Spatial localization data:
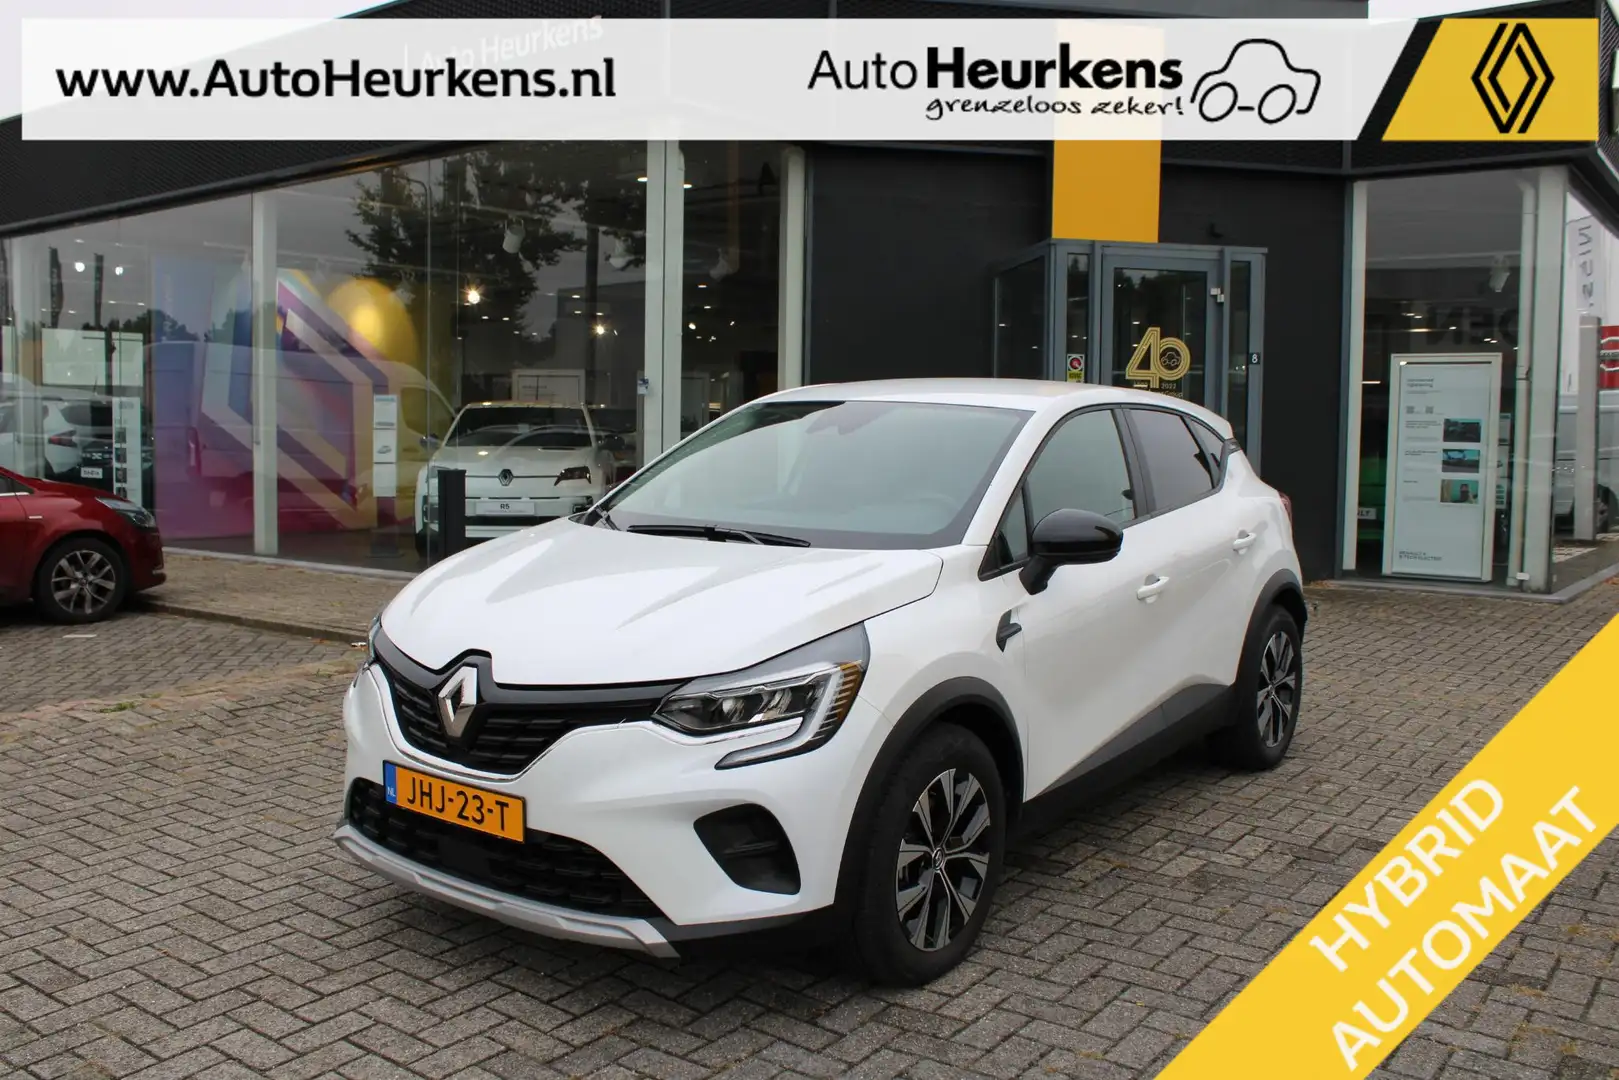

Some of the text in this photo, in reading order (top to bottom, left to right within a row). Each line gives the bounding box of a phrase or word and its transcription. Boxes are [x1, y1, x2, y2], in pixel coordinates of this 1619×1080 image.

[479, 15, 605, 64] Heurkens
[1252, 354, 1258, 363] 8
[387, 787, 396, 797] NL
[407, 777, 509, 831] JHJ-23-T
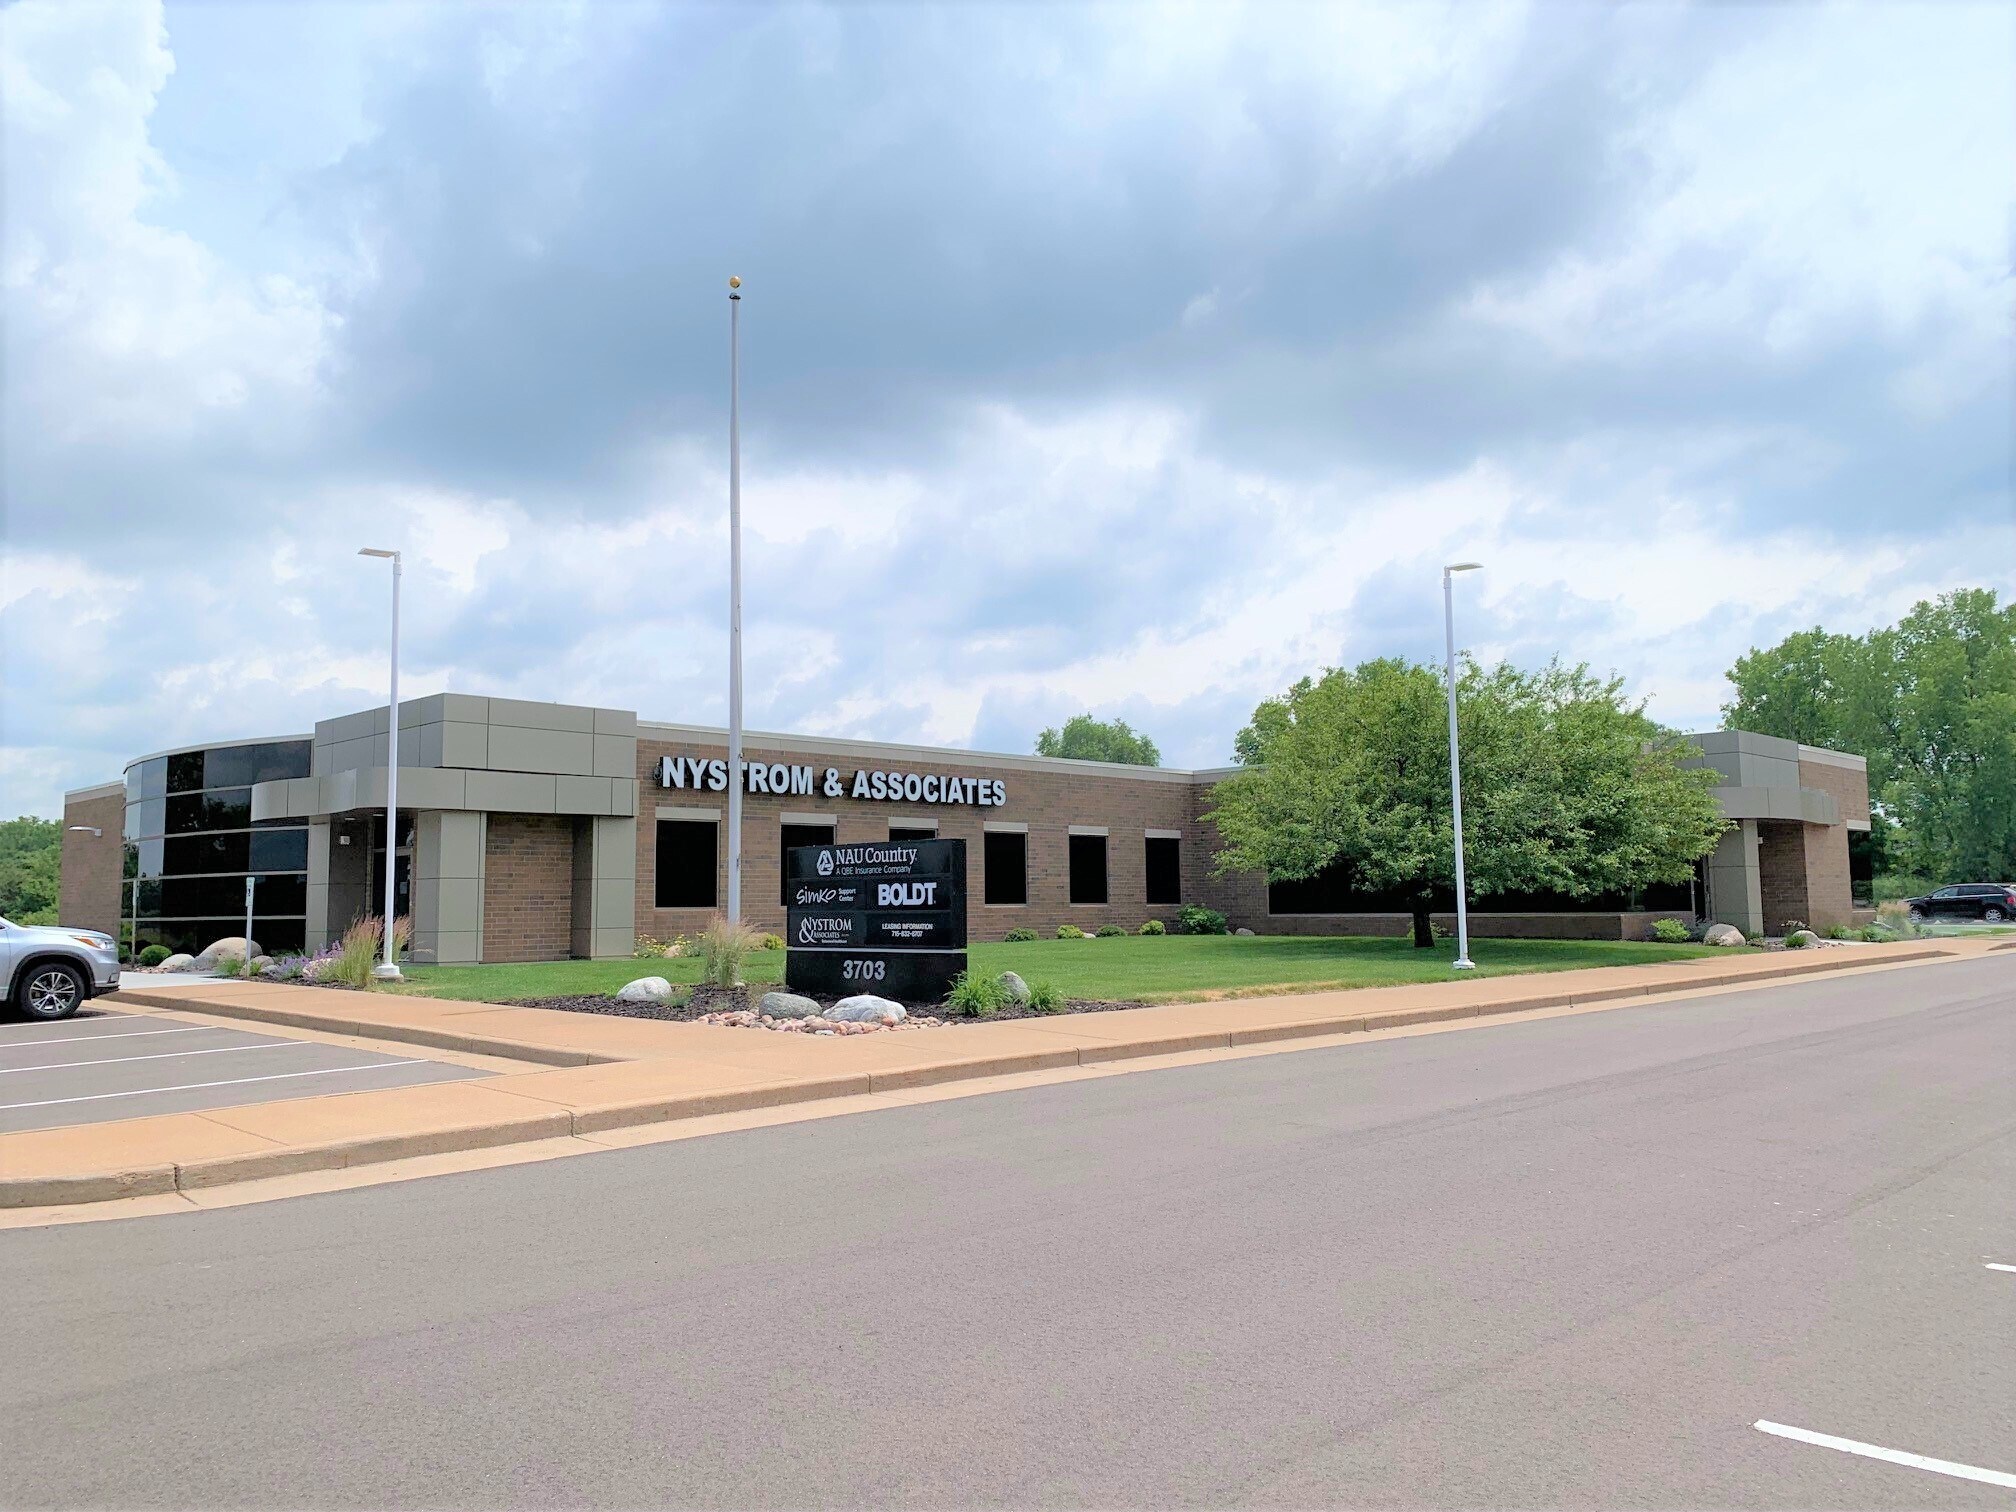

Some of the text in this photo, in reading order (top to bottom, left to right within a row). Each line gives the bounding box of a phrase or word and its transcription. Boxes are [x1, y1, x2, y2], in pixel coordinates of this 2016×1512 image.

[662, 756, 1007, 807] NYSROM & ASSOCIATES
[836, 847, 917, 865] NAU Country
[836, 867, 841, 875] A
[855, 866, 882, 875] Insurance
[883, 864, 912, 875] Company
[878, 882, 937, 906] BOLDT
[804, 916, 853, 931] NYSTROM
[881, 922, 934, 930] LEASING INFORMATION
[813, 931, 840, 939] ASSOCIATES
[843, 960, 886, 980] 3703

TASK DETAILS: Output nothing but the lines from the one with "this 2016×1512 image." through the last line above, each exactly as it stands.

COMPLETED TASK:
Some of the text in this photo, in reading order (top to bottom, left to right within a row). Each line gives the bounding box of a phrase or word and its transcription. Boxes are [x1, y1, x2, y2], in pixel coordinates of this 2016×1512 image.

[662, 756, 1007, 807] NYSROM & ASSOCIATES
[836, 847, 917, 865] NAU Country
[836, 867, 841, 875] A
[855, 866, 882, 875] Insurance
[883, 864, 912, 875] Company
[878, 882, 937, 906] BOLDT
[804, 916, 853, 931] NYSTROM
[881, 922, 934, 930] LEASING INFORMATION
[813, 931, 840, 939] ASSOCIATES
[843, 960, 886, 980] 3703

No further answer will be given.